Países como a Austrália, por exemplo, proibiu a circulação de corantes sintéticos, os

Estados Unidos e o Japão prevêem a retirada total do mercado desse tipo de corante nos

próximos anos. No Brasil, em 7 de agosto de 1987 a Divisão Nacional de Vigilância Sanitária

de Alimentos (DINAL), pela Portaria número 17, proibiu a utilização de alguns corantes

sintéticos como Amarelo Ácido, Azul de Indatreno, Vermelho Sólido E , Escarlate GN e

Laranja GCN. Apenas os corantes Amarelo Crepúsculo, Azul Brilhante FCF, Bordeaux S ou

Amaranto, Eritrosina, Indigotina, Ponceau 4R, Tartrazina e Vermelho 40 tiveram a

autorização mantida (PEPPERTRADE, 2006). Nesse novo cenário, há uma mudança do

mercado, em que os corantes artificiais usados pela indústria de alimentos vêm sendo

substituídos por uma série de pigmentos naturais, que vão desde partes vegetais comestíveis e

sucos de vegetais, animais e insetos até substâncias extraídas e purificadas.

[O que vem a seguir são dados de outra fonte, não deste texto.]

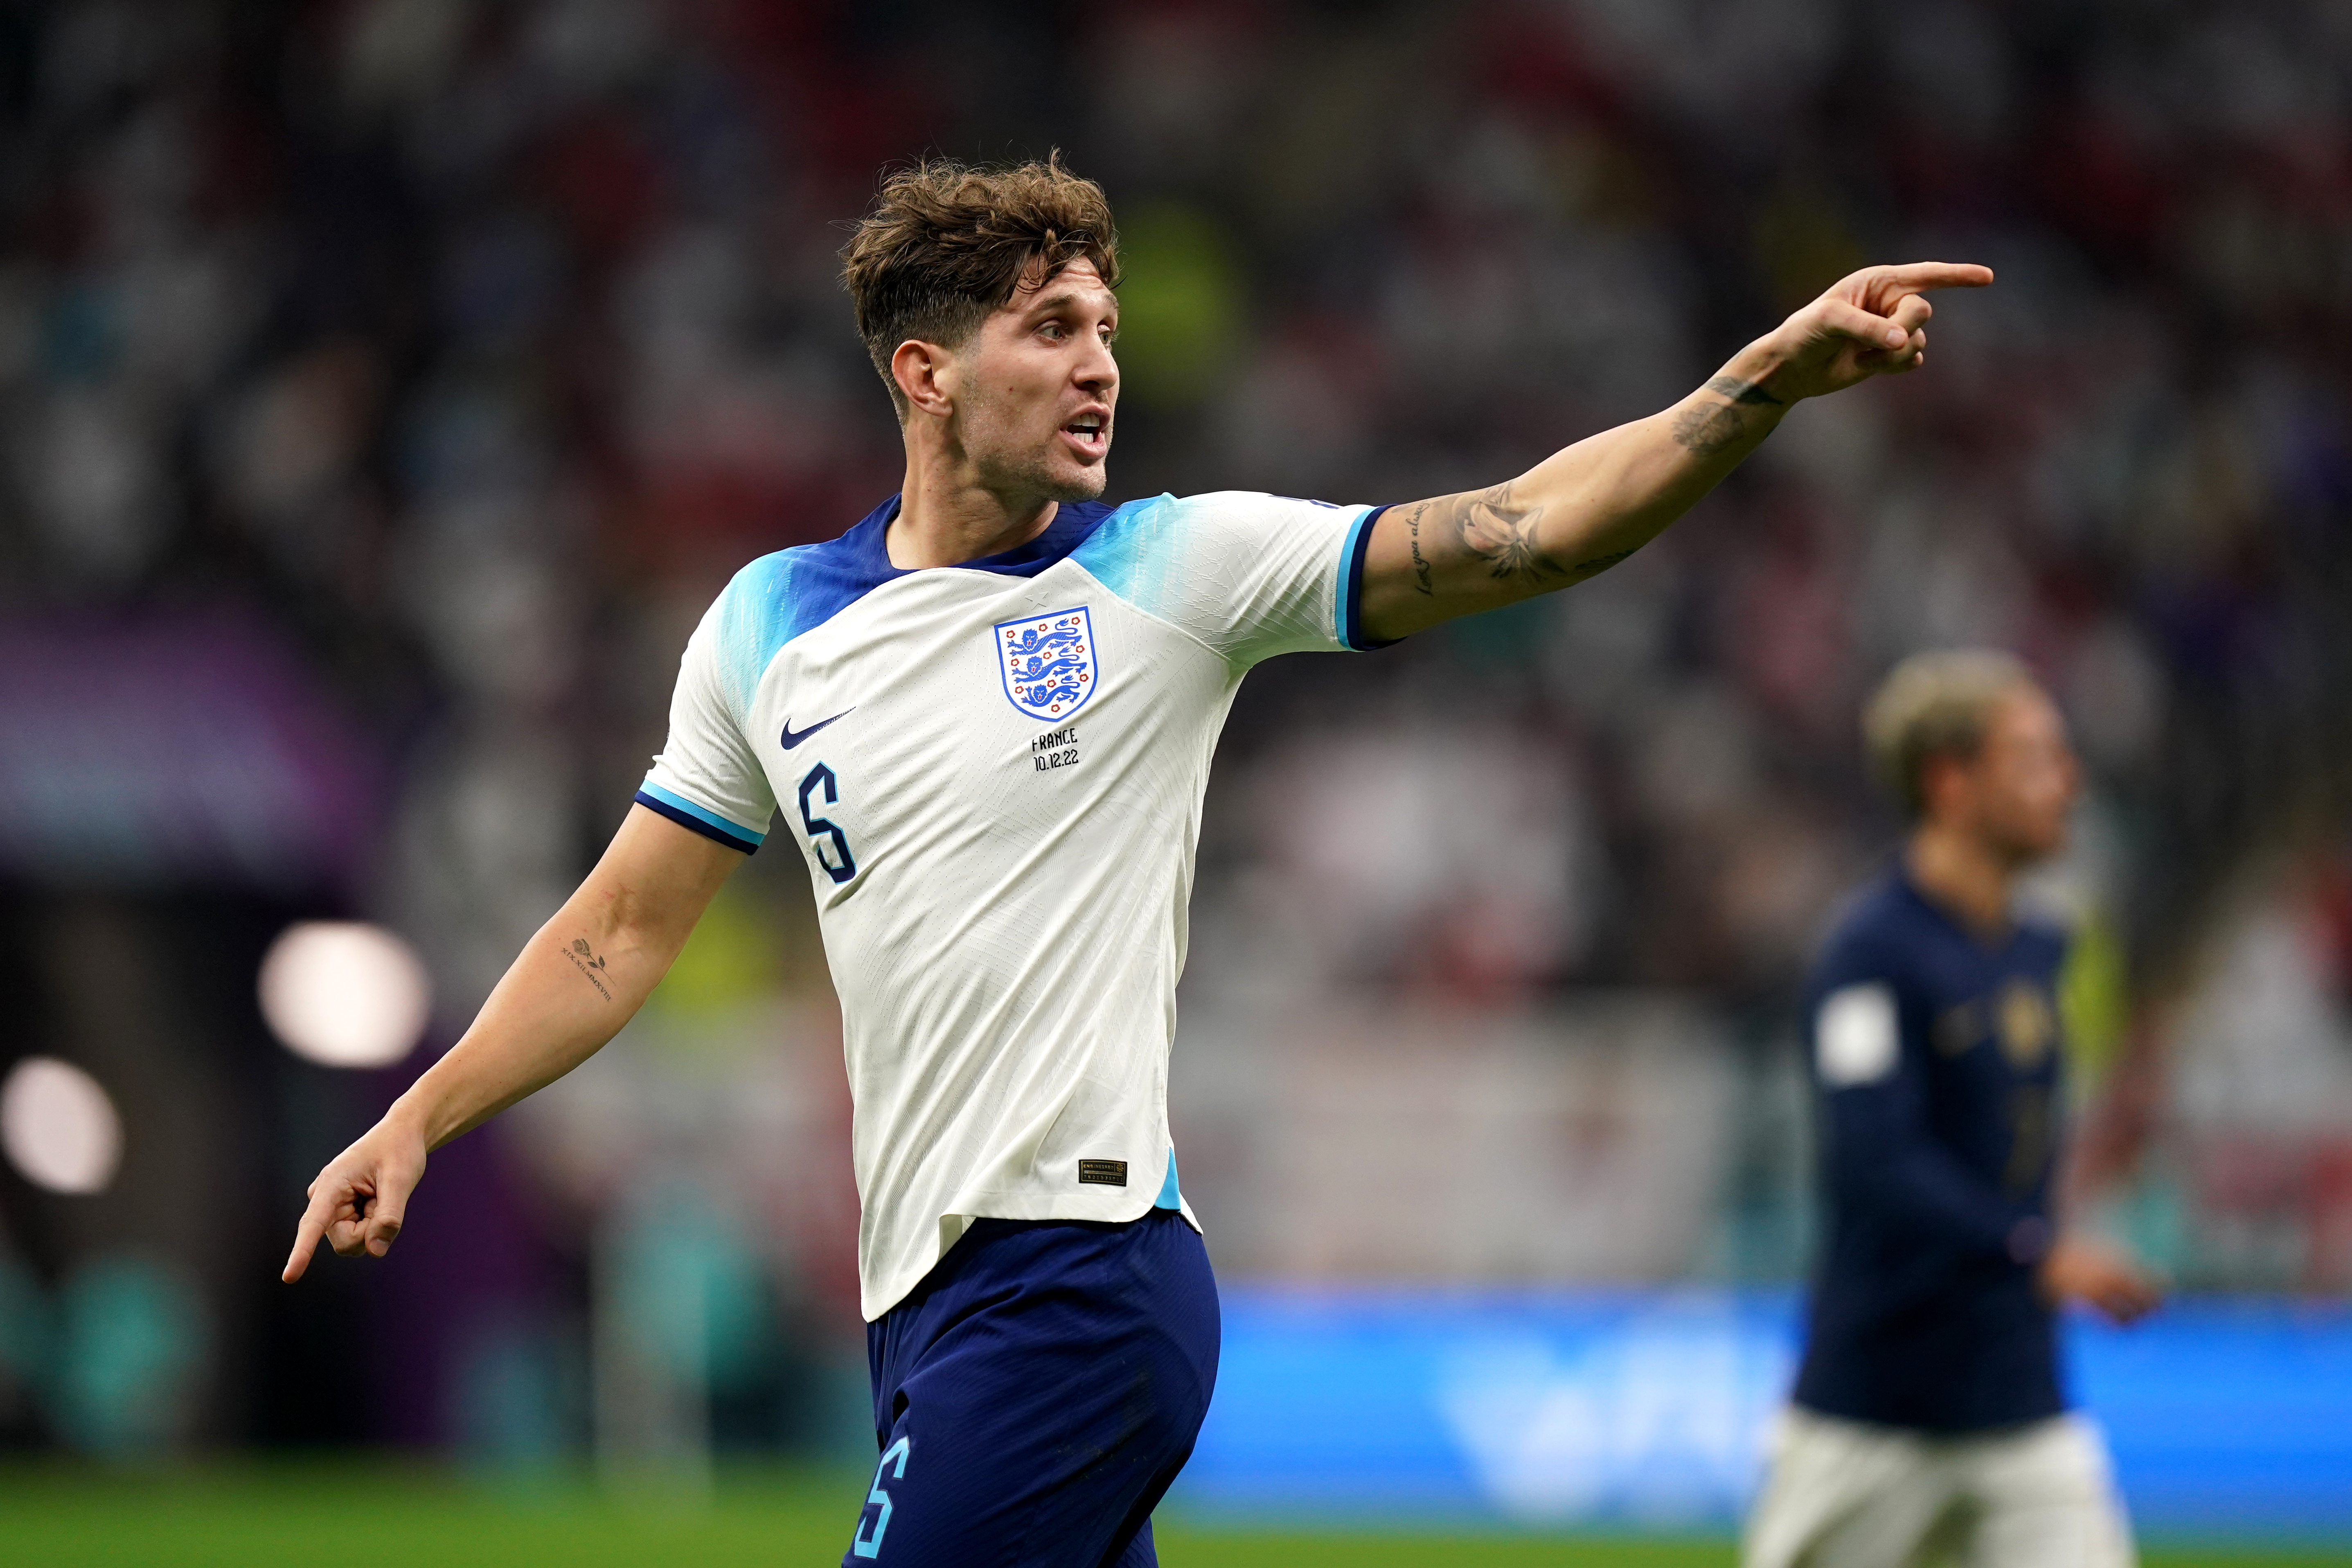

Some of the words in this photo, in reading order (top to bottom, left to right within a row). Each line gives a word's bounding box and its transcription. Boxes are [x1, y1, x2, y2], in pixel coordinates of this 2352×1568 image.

Quanto ao emprego dos corantes naturais, a legislação brasileira atual não faz

nenhuma restrição no seu uso em alimentos e nem impõe qualquer limite quanto a sua

aplicação, devido às características de produto natural. O momento atual tem levado a um

retorno aos corantes naturais, no mais diverso uso, implicando na criação, por parte de alguns

países, de uma legislação específica para tratar sobre esse tema. A Food and Agriculture

Organization of the United Nations (FAO), por meio da Comissão do Codex Alimentarius

vem estabelecendo limites para certos alimentos, como óleos e gorduras comestíveis (SATO

et al., 1992), procurando assim criar regras e normas para um uso mais adequado dos corantes

denominados de naturais.

No Brasil, das 35 indústrias produtoras de corantes, mais da metade produz corantes

naturais e apenas 12,5% corantes sintéticos. Isso vem ocorrendo porque os produtos

industrializados, isentos de aditivos, têm maior aceitação por parte dos consumidores,

especialmente onde o nível de exigência na produção de alimentos é maior como na Europa e

no Japão (STRINGHETA, 2000). Os corantes são aditivos utilizados nos alimentos para

conferir, intensificar ou restaurar a sua cor, sendo empregados largamente nas indústrias de

laticínios, doce, massas, carnes, sorvetes, bebidas, óleos e gorduras, desidratados, cosméticos,

farmacêuticas, diagnósticas, têxteis, tintas, entre outras (MASCARENHAS et al., 1999; SÃO

JOSÉ, 1990).

4 MS Agronomia pela UESB. E-mail: [email protected]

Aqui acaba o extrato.